The answer should be an exact copy of the lines from the one with "Some of the words" through the end of the listing below, with no other lines.

→ DATASET RECORDS:
+--

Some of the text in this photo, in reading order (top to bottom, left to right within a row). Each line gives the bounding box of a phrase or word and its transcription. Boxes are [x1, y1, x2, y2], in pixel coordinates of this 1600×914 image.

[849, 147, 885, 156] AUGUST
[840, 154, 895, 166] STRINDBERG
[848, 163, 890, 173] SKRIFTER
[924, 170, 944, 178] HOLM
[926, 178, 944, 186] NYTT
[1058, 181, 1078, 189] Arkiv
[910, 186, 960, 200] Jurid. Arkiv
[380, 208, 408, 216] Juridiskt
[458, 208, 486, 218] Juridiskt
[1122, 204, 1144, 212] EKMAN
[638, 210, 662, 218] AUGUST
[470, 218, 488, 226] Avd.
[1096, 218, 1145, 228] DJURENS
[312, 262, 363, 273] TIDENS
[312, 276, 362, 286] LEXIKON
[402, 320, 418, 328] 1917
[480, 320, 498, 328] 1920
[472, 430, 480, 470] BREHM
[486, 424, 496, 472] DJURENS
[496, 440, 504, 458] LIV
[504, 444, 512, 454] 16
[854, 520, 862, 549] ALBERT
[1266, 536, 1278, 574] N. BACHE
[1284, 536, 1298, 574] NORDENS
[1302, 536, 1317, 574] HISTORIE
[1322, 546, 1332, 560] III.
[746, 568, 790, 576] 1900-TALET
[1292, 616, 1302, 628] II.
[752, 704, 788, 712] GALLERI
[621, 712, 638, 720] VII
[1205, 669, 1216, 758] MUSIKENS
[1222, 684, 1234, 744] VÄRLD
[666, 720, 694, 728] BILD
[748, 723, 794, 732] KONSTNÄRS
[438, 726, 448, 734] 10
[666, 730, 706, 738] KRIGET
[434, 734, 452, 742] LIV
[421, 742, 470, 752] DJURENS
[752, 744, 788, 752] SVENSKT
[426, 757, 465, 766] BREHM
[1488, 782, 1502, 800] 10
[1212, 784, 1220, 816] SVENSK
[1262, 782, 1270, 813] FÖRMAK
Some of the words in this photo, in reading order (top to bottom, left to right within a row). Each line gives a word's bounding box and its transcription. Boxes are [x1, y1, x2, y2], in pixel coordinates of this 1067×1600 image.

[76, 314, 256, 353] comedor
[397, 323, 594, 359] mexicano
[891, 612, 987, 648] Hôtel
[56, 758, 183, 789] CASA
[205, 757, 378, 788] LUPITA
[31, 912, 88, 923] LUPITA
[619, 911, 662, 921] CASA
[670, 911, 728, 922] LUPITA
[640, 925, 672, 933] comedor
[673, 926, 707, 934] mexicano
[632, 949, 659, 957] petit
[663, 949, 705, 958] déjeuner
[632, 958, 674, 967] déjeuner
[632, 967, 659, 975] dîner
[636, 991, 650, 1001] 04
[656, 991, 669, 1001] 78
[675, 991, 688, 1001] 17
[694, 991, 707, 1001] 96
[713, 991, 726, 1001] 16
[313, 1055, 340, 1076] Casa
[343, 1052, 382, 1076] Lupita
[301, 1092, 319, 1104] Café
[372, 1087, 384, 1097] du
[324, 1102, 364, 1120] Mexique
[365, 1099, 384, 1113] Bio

+--

→ SOLUTION TO THIS PROBLEM:
Some of the words in this photo, in reading order (top to bottom, left to right within a row). Each line gives a word's bounding box and its transcription. Boxes are [x1, y1, x2, y2], in pixel coordinates of this 1067×1600 image.

[76, 314, 256, 353] comedor
[397, 323, 594, 359] mexicano
[891, 612, 987, 648] Hôtel
[56, 758, 183, 789] CASA
[205, 757, 378, 788] LUPITA
[31, 912, 88, 923] LUPITA
[619, 911, 662, 921] CASA
[670, 911, 728, 922] LUPITA
[640, 925, 672, 933] comedor
[673, 926, 707, 934] mexicano
[632, 949, 659, 957] petit
[663, 949, 705, 958] déjeuner
[632, 958, 674, 967] déjeuner
[632, 967, 659, 975] dîner
[636, 991, 650, 1001] 04
[656, 991, 669, 1001] 78
[675, 991, 688, 1001] 17
[694, 991, 707, 1001] 96
[713, 991, 726, 1001] 16
[313, 1055, 340, 1076] Casa
[343, 1052, 382, 1076] Lupita
[301, 1092, 319, 1104] Café
[372, 1087, 384, 1097] du
[324, 1102, 364, 1120] Mexique
[365, 1099, 384, 1113] Bio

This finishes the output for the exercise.